Консервативные противники переноса: апология Москвы



Консервативные противники переноса обычно апеллируют к идее избранности Москвы и потому любые разговоры о возможности ее переезда в другой город кажутся многим из них кощунственными. Например, Наталья Самовер, координатор общественного движения Архнадзор, и некоторые православные фундаменталисты усматривают опасность в любой смене столицы, которую они заочно видят "ударом по национальной идентичности".

Концепция Москвы – Третьего Рима вполне серьезно воспринимается еще немалым количеством российских социальных теоретиков, которые обращаются к ней в своей критике проектов переноса столицы. В их глазах у Москвы, как у столичного города, есть как конституционная и историческая, так и трансцендентальная легитимация. В противоположность Петербургу, столице созданной человеком, на Москву ложится свет и сияние третьеримской власти. В этой связи Москва часто предстает в описаниях этих авторов как сакральный и боговдохновленный город, что делает его естественной или сакральной столицей России.

В этой интерпретации Рим берется в библейском смысле как последяя империя, вселенские задачи которой позволяют "удерживать" мир и предохранять его от конца света. Поэтому Рустам Рахматуллин, известный москвовед, называет Москву обетованным городом [Рахматуллин, 2008: 15–16]. В его классификации, которую он заимствует у старообрядцев, Петербург представляется как город профанный, а Москва, напротив, – как город святой. Он говорит о сакральных основаниях российской столичности: "Столице нужно обетование, то есть обещание, открывающее надчеловеческий Замысел, а не человеческое умышление о городе" [Там же].

Консервативный публицист Дмитрий Володихин связывает неправомерность разговора о переносе столицы из Москвы с фундаментальностью православия, лишь придатком которого является политическая власть. "Главной ценностью российской цивилизации является христианство по православному обряду… Пока православие является несущей конфессией страны, Москва как духовная и сакральная столица будет оставаться ее сердцем… администрация президента, разнообразные министерства и федеральные агентства должны рассматриваться как административный придаток православной цивилизации, а не наоборот" [Володихин, 2006].

Ему вторит Кирилл Фролов, пресс-секретарь союза православных граждан, приравнивающий москвофобию к русофобии и провозглашающий Москву "безальтернативной столицей России". Одновременно он ратует за перенесение резиденции патриарха в Патриаршии палаты Кремля [Фролов, 2006].

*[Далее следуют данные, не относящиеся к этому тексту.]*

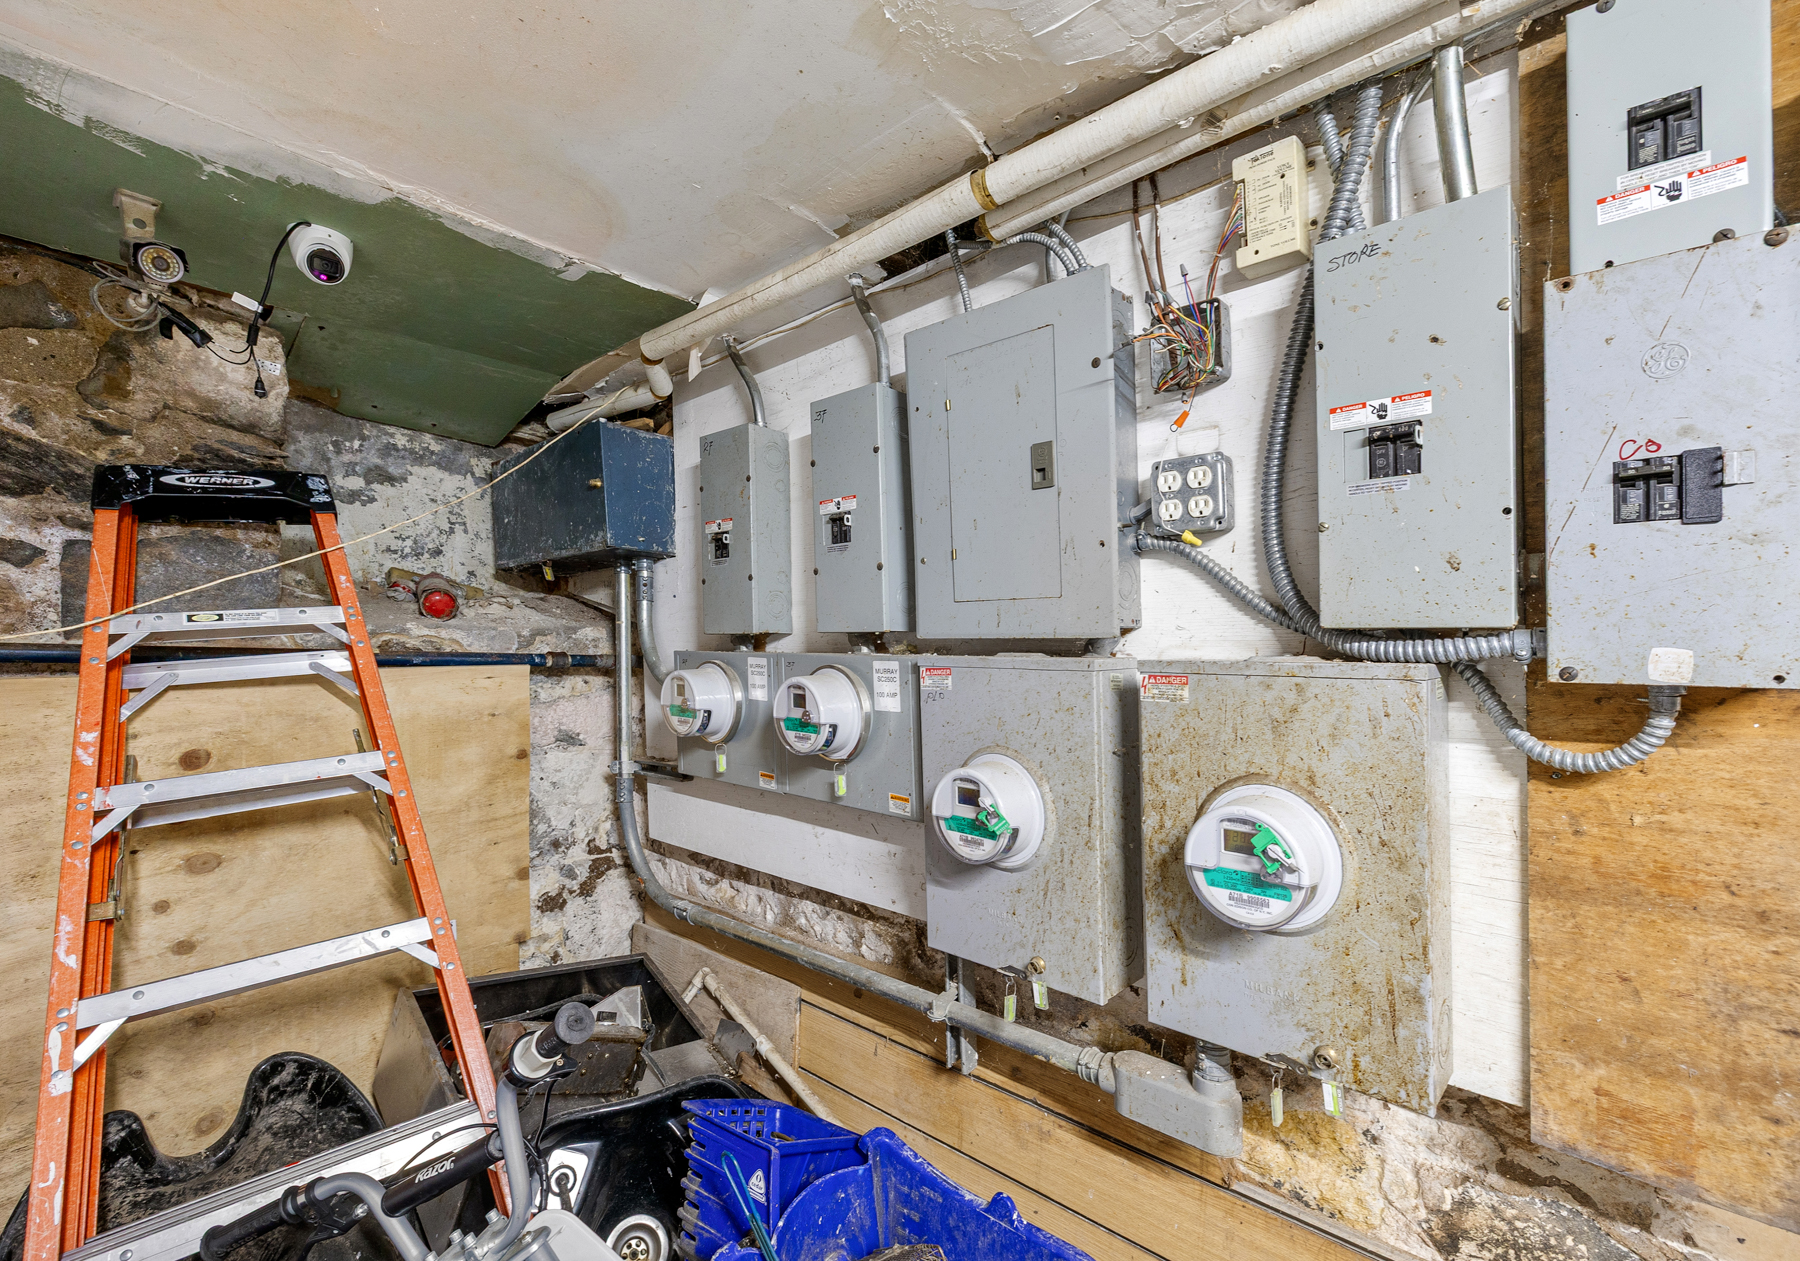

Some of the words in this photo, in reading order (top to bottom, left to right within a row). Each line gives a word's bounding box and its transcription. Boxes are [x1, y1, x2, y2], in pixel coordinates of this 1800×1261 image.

Священник Александр Шумский, который считает себя уполномоченным говорить от имени всех русских и всех православных, утверждает, что планы переноса столицы вынашивают враги России и православия, в том числе коррумпированные чиновники, сионисты и сторонник сибирского шаманизма Шойгу, которые мечтают о разьединении государства и Церкви и о растворении русского народа в Азии [Шумский, 2012]. Спайка государства и православной церкви – единственная сила, которая обеспечивает существование русского народа и способная создать русскую империю:

Без Москвы, сохраняющей статус столицы, Россия и русский народ просто растворятся в Евразии… без Москвы, без московских святынь, которым нет аналога, никакую империю не построишь, ни пятую, ни десятую… У меня складывается впечатление, что за идеей переноса столицы скрываются чисто коррупционные интересы. Кто-то снова хочет хорошо заработать и списать за счет всяких глобальных переносов свои старые грешки [Там же].

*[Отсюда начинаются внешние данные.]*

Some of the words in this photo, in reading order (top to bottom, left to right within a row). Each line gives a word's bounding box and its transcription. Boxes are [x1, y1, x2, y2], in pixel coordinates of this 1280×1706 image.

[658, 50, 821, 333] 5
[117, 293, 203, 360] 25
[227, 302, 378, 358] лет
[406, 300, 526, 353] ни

В идеологии этих радетелей ультраконсервативного православия большую роль играет также концепция Москвы как Нового Иерусалима. По мнению многих исследователей, в мифологии Москвы претензии на регалии Иерусалима были даже более сильно артикулированы, чем римские притязания [Rowland, 1996]. Например, историк архитектуры Михаил Кудрявцев в своем исследовании древней планировочной структуры, ландшафтов и композиции города подчеркивает иерусалимские смыслы и реминисценции в тексте древней русской столицы [Кудрявцев, 2007]. Москва, считает он, устроена "по образу и подобию Небесного Града Иерусалима", и в ней находятся соответствия всем символам библейского города. В его описании, основанном на анализе исторических источников и символики древнерусского зодчества, Красная площадь, например, предстает как Храм под открытым небом, воспроизводящим Соломонов Храм, а Лобное место – как Голгофа. В духе средневековых хроник события Нового Завета как бы заново воспроизводятся в истории Москвы и в новой русской истории [Лебедева, 2005]. Подобно тому, как новозаветные сказания предвосхищались в Ветхом Завете, Евангелия только предвосхищают события истории России и самой Москвы[37].

В консервативно-религиозном мировоззрении, таким образом, Москва обьединяет в себе новые Рим и Иерусалим, воспроизводя в своих топологических структурах оба великих города[38]. Сакральность Москвы дает ей особые права и легитимизирует ее политические притязания на статус столицы, которые не могут быть оспорены ни другими городами, ни какими-то экономическими или просто рациональными аргументами. Идеи критиков переноса часто окрашены в религиозно-мистические тона и основаны на концепции богоизбранности или богохранимости города. Не удивительно, что такие критики все дискуссии о переносе столицы склонны воспринимать крайне враждебно, в том числе и как попытку подрыва ценностей русской православной цивилизации.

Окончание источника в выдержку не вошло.